Buying and selling a home is a hassle, but it has surely gotten a lot less painful and perhaps much more of an orderly market thanks to the advent of online real estate sites like Trulia and Zillow. Trulia, founded in 2005, was one of the pioneers in playing matchmaker between sellers and buyers of homes on the web, but Zillow, founded a year later, has come out on top and a year and a half ago bought Trulia for $3.5 billion.
Zillow Group, which is headquartered in Seattle, is the result of the combination of the two companies and it brought in $679.9 million in revenues from real estate agent memberships, featured listings fees, advertising, and mortgage lending quotes last year. This business relies on a constant churn of data as homes go on the market and come off, and increasingly real estate sites are gathering and maintaining information on sites that are not for sale so prospective buyers and sellers have a better sense of the economics of the surrounding areas where they are looking to buy.
Trulia and Zillow were founded just as the big data revolution unleashed by Google’s MapReduce paper in December 2004 was being contemplated by the techies of the world and its subsequent open source implementation by Yahoo as the Hadoop distributed analytics framework two years later. Yahoo open sourced the code, and the analytics world has been forever changed. The upshot is that it takes a lot less money and a lot less iron to do some of the sophisticated data gathering and analysis that businesses such as Trulia and Zillow have as their very purpose compared to using the more traditional relational database and data warehousing techniques that prevailed at their founding and that were used for many years.
Trulia has been using Hadoop analytics and Spark in-memory overlays as its back-end systems for many years now, and both companies do a fair amount of storing of image data and various processing jobs on the Amazon Web Services public cloud. But for the moment, Zane Williamson, senior director of DevOps at Trulia, tells The Next Platform that the company runs its own Hadoop clusters, which come in various sizes and which do the daily number crunching as over 1 TB of data that comes from public records, listings, and user activities on its own site relating to homes. This data is diced and sliced and delivers personalized recommendations through the web, email, and messaging to buyers and is also used to provide assistance with sellers as they set the price for their homes.
Because this data is largely textual in nature, Trulia does not need massive Hadoop clusters, and Williamson says that Trulia has six clusters, which range in size from a dozen nodes at the smallest to 40 nodes at the largest. This is the typical size of Hadoop clusters in many enterprises today, and in this case the active dataset needed to do the matchmaking between buyers and sellers is only several hundred terabytes of aggregate capacity. (Both Zillow and Trulia have long since made the job of storing photos for properties being sold out onto the AWS cloud because supporting this in-house would be very expensive compared to what cloud providers charge.)

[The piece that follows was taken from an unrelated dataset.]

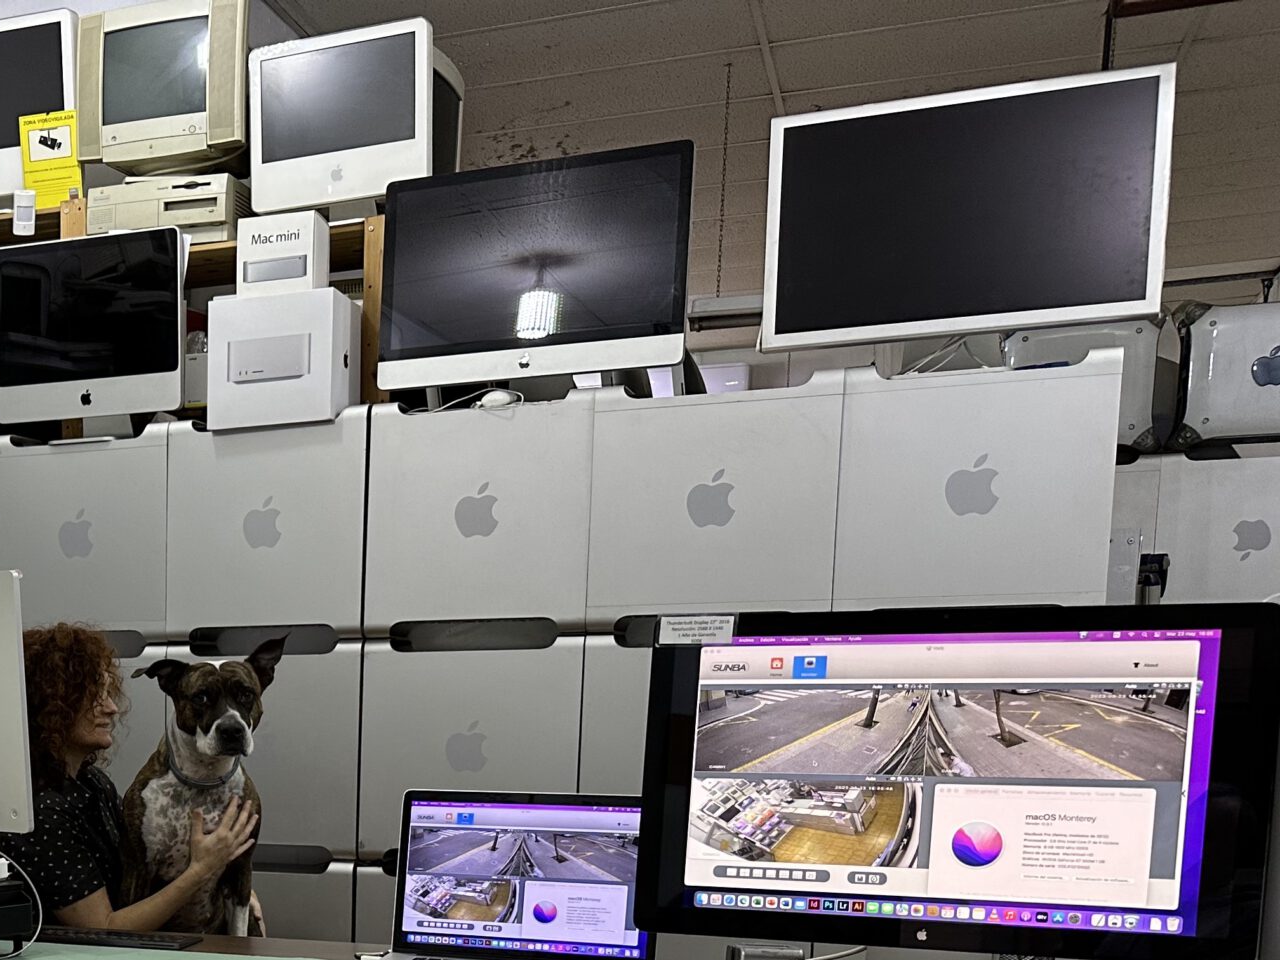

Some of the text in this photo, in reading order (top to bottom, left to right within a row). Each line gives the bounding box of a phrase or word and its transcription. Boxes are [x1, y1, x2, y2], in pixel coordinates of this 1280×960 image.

The Trulia Hadoop clusters run Cloudera’s CDH commercial distribution, which has a certain amount of monitoring in it, but the Trulia techies, like many other Hadoop shops, cobbled together their own monitoring and management system to try to peer into the clusters when things go wrong – and things do indeed go wrong – to try to troubleshoot performance degradation and other issues. The management stack included the typical open source tools, such as the Ganglia and Nagios monitoring systems, which each do slightly different things, coupled to a Graphite visualization front end and a homegrown Python web interface. Using such tools as a foundation, Trulia built its own monitoring tool to gather metrics and monitor workflows to help cluster administrators figure out the causes of slowdowns in the production of information that needs to be pushed out to Trulia subscribers every day.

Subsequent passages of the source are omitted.